Принесли плов. Гордов ожидал, что еду подадут в тарелках, разделенную на равные порции, но ошибся. Чайханщик, пылая жаром красного лица, в белой рубахе и панталонах до колен, подпоясанный белым кушаком, на правой руке, поднятой над плечом, нес огромное фаянсовое блюдо, на котором лежала горка, нет, не горка, а скорее гора риса, янтарного, дымившегося ароматами специй. Такого количества еды хватило бы на то, чтобы утолить голод, по меньшей мере, пяти едоков.

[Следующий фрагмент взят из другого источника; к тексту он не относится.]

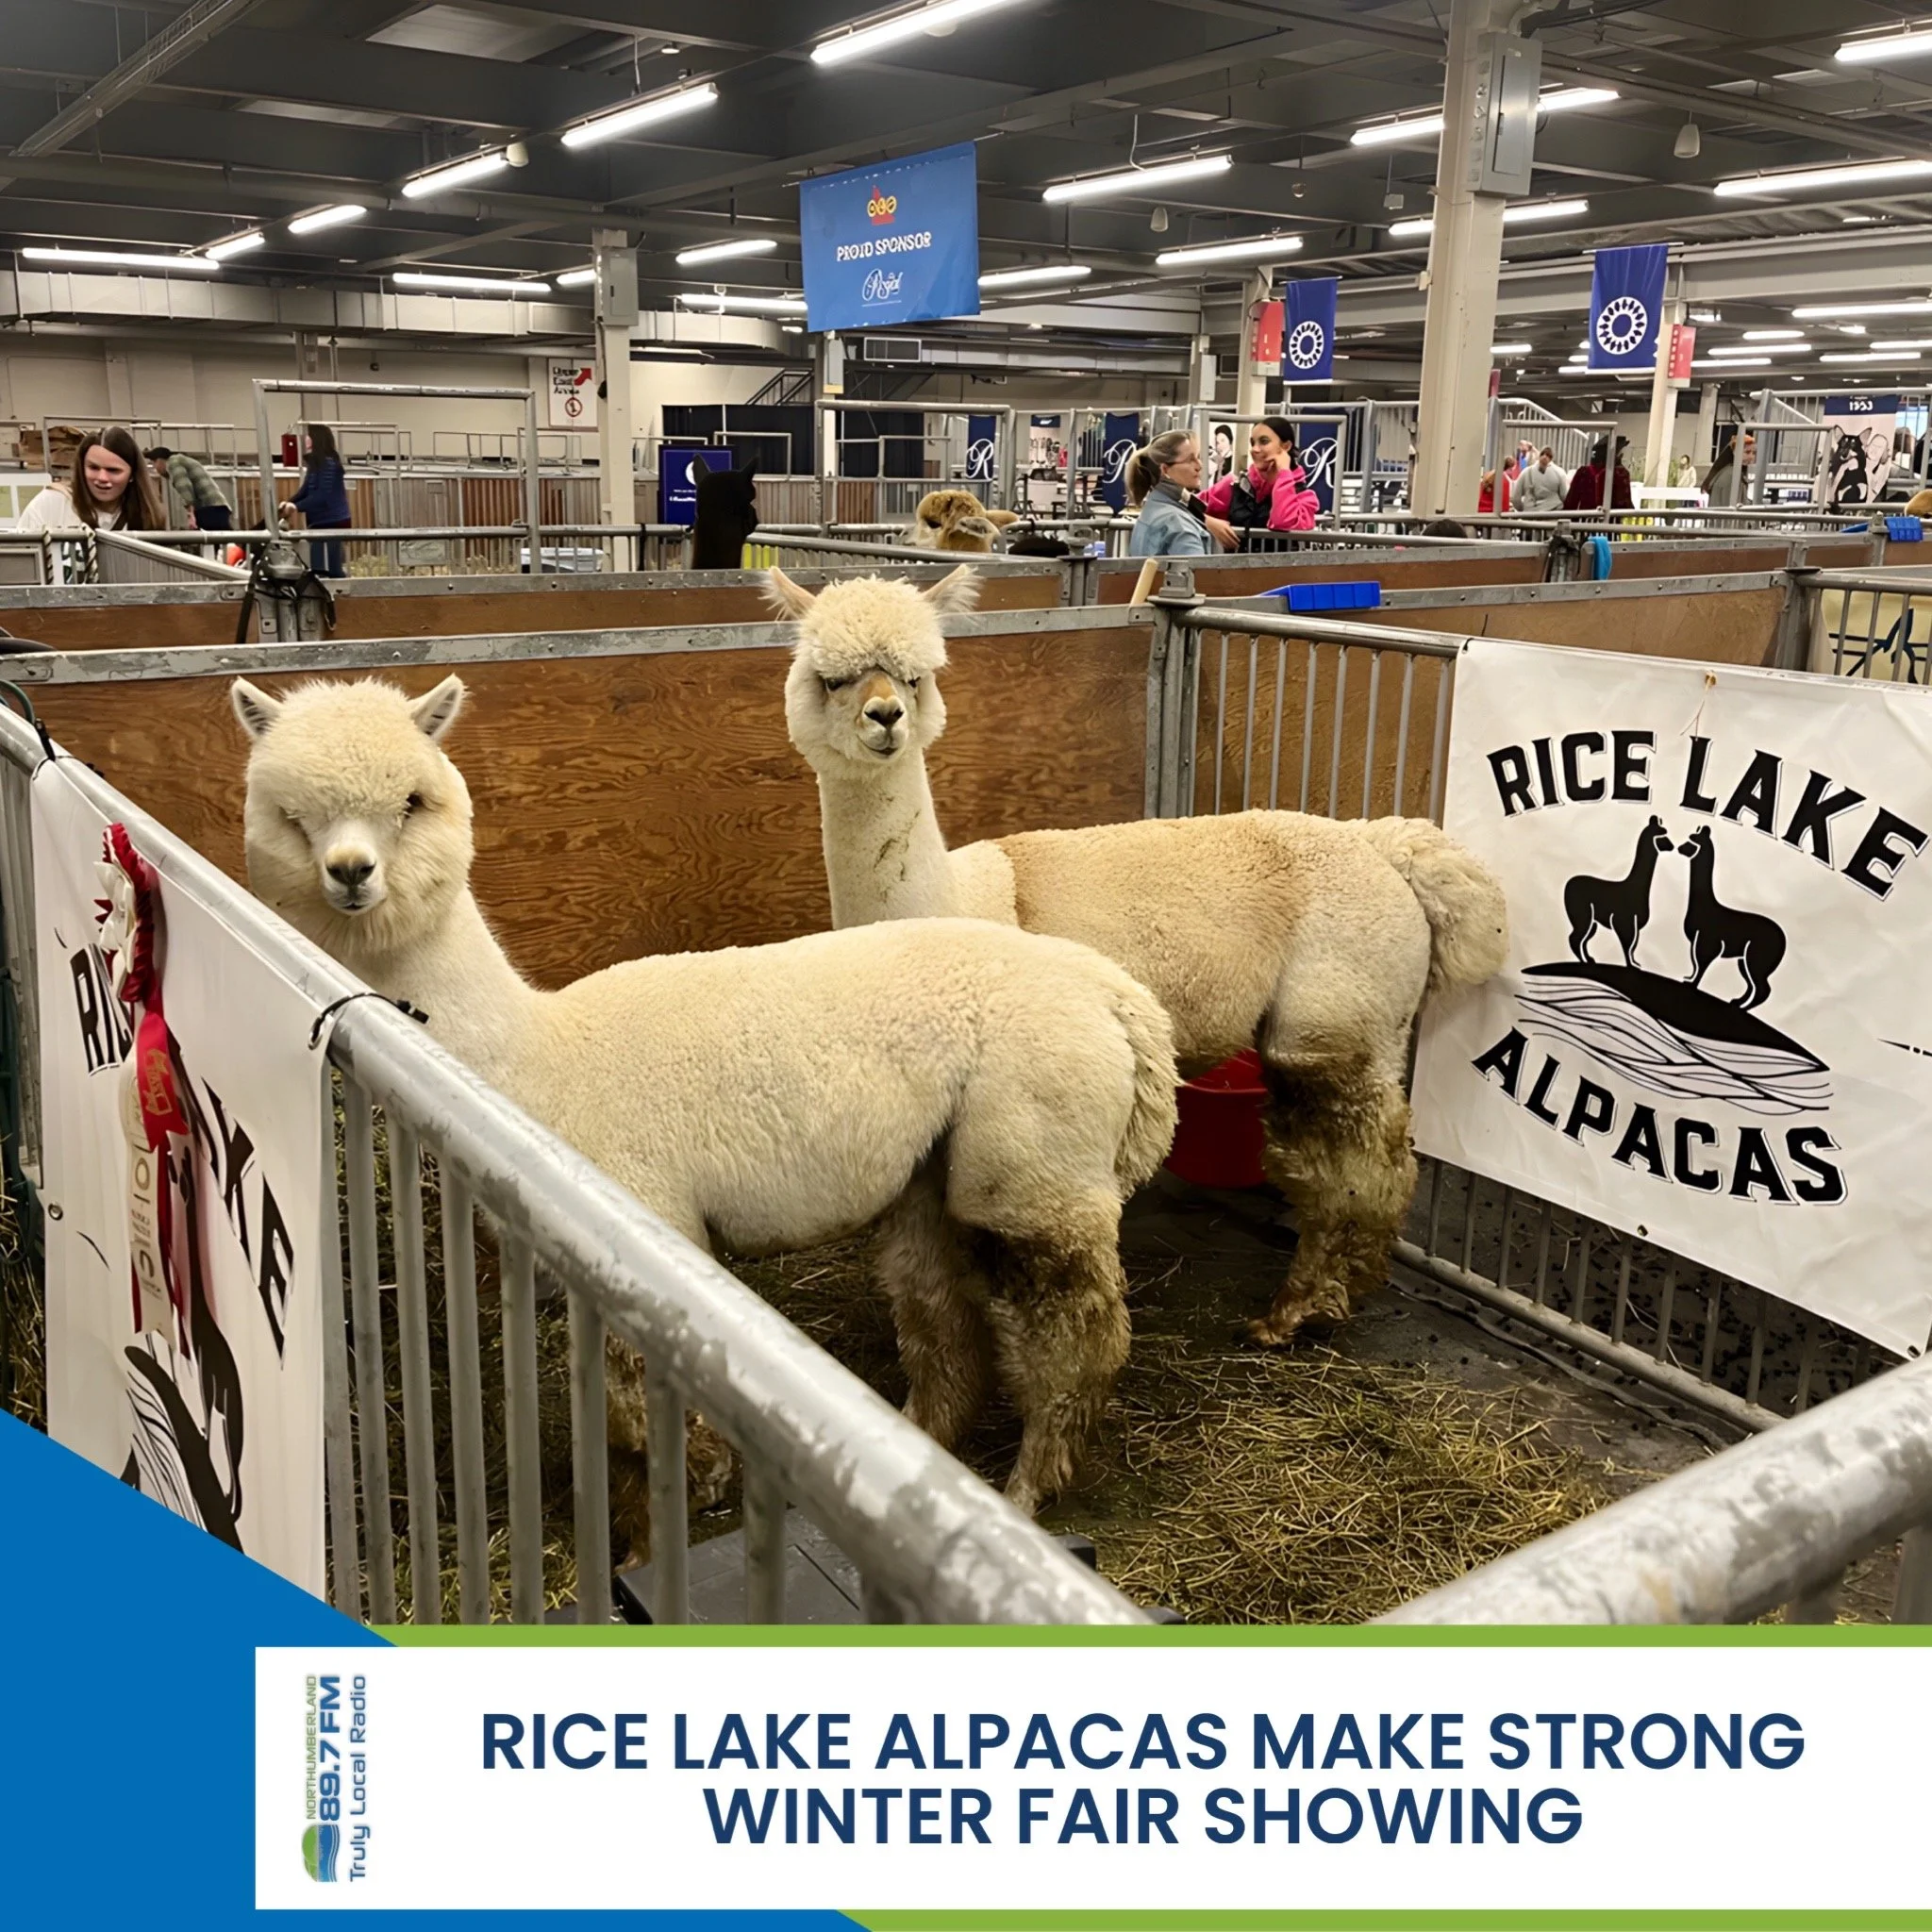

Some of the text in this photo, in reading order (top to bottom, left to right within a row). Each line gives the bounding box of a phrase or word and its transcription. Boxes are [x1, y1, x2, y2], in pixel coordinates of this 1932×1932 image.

— Это нам? — задал вопрос Гордов с тайной надеждой услыхать, что нет, конечно же, не для них двоих.
— Мало? — спросил Умит, и тревога послышалась в его вопросе: восточное гостеприимство не позволяет оставить гостя голодным.
— Что ты! Много! — поспешил объяснить свои сомнения Гордов. Он похлопал себя по животу. — Лопнет.
— Ха! — засмеялся Умит довольно. Сообщение, что пищи много, сделанное гостем, услаждало слух хозяина, который не ударил в грязь лицом.
— Ты знаешь разницу между животом и бочкой? — Умит задал вопрос и тут же сам на него ответил: — Чтобы бочка не лопнула, на ее бока набивают железные обручи. Чтобы не лопнул живот, достаточно распустить ремень.
Он потянулся к кейсу, который лежал рядом с ним на ковре помоста, открыл крышку и вынул бутылку коньяка. Пояснил:
— Здесь пить не положено.
Гордову дуть коньяк в такую жару совсем не хотелось, и он с облегчением предложил:
— Если нельзя, может, и не будем?
— Надо, — сказал Умит. — Сюда и ходят для того, чтобы бацнуть стакашечку.
Нурисламов, прекрасно знавший русский, любил иногда вставить в разговор редкое слово или выражение. Гордов улыбнулся. «Бацнуть стакашечку» не часто говорят даже русские.
— Видишь тех, что сидят у окна? Приглядись внимательно. С кем-то из них, скорее всего, тебе придется ехать в поезде. Слева с конячьей физиономией… Я правильно сказал «с конячьей»?
— Точнее, если сказать «с лошадиной». Я на него сразу обратил внимание.
— Он у них главный. Абдужабар Хакимов. Слева от него Усман Рахимов. Милиционер, между прочим. Имеет разрешение на ношение оружия. Справа — Алим Темирбашев. Мастер спорта по карате.